Exercise goal:
Nothing may be left out of the listing below but its images; repeat the rest exactly.

Record set:
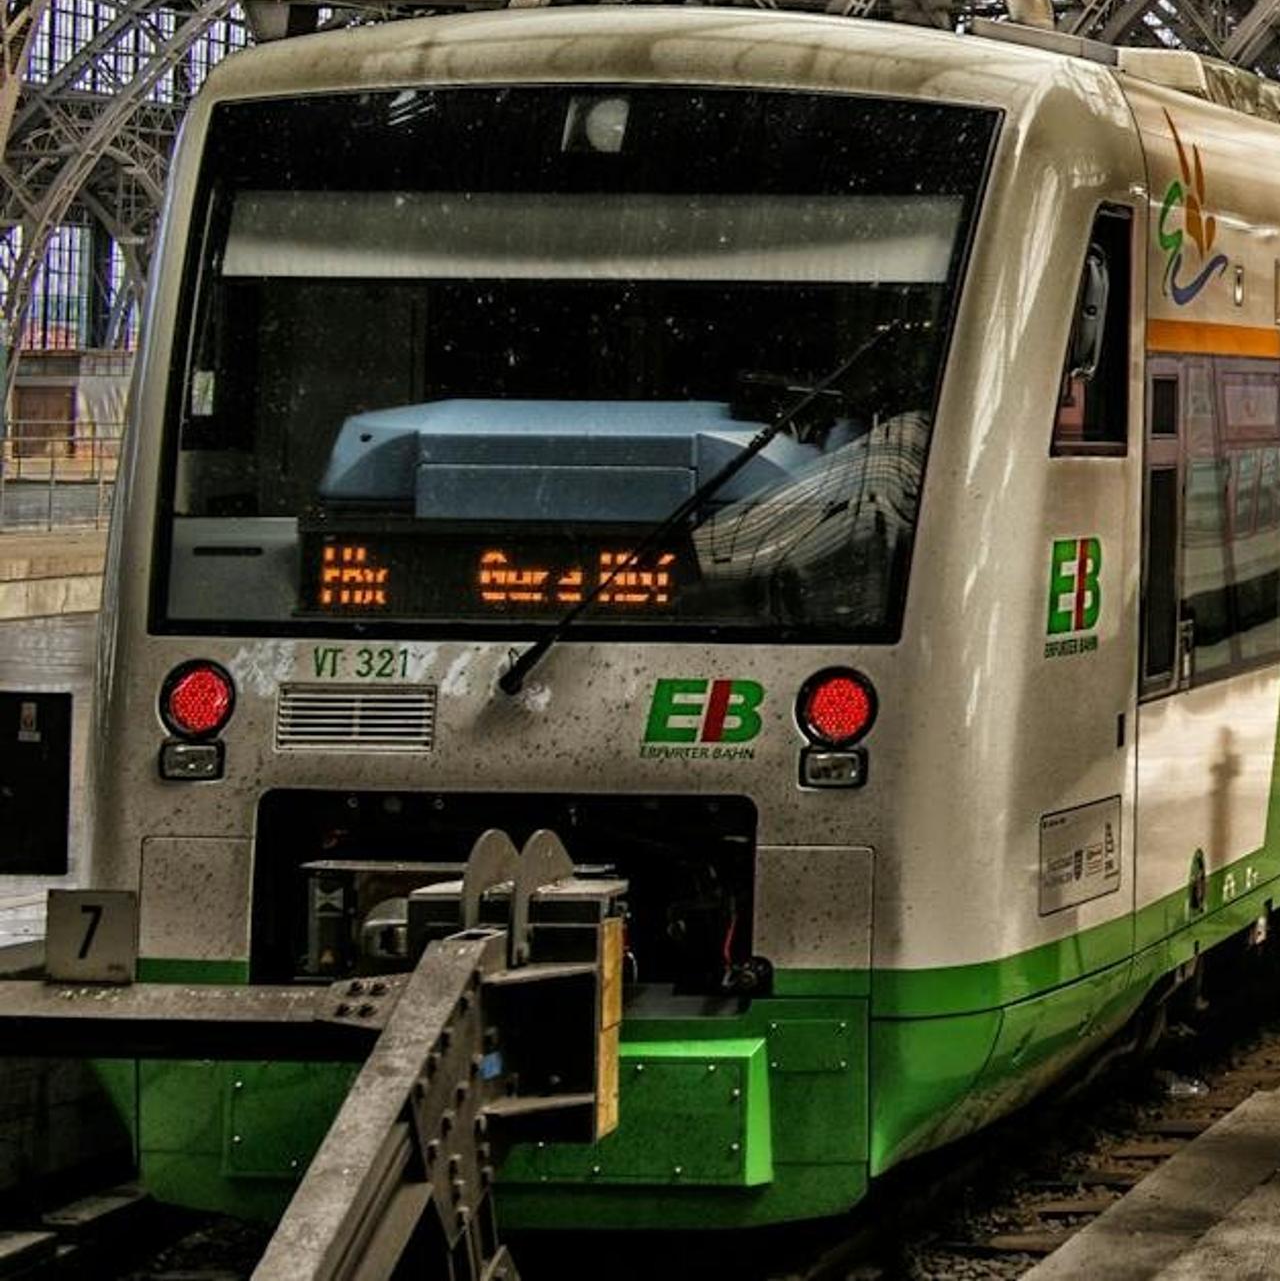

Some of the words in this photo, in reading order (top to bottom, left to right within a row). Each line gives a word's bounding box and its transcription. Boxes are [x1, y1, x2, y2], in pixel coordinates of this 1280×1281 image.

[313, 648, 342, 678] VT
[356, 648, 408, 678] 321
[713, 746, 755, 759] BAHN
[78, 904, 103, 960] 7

Response:
Some of the words in this photo, in reading order (top to bottom, left to right within a row). Each line gives a word's bounding box and its transcription. Boxes are [x1, y1, x2, y2], in pixel coordinates of this 1280×1281 image.

[313, 648, 342, 678] VT
[356, 648, 408, 678] 321
[713, 746, 755, 759] BAHN
[78, 904, 103, 960] 7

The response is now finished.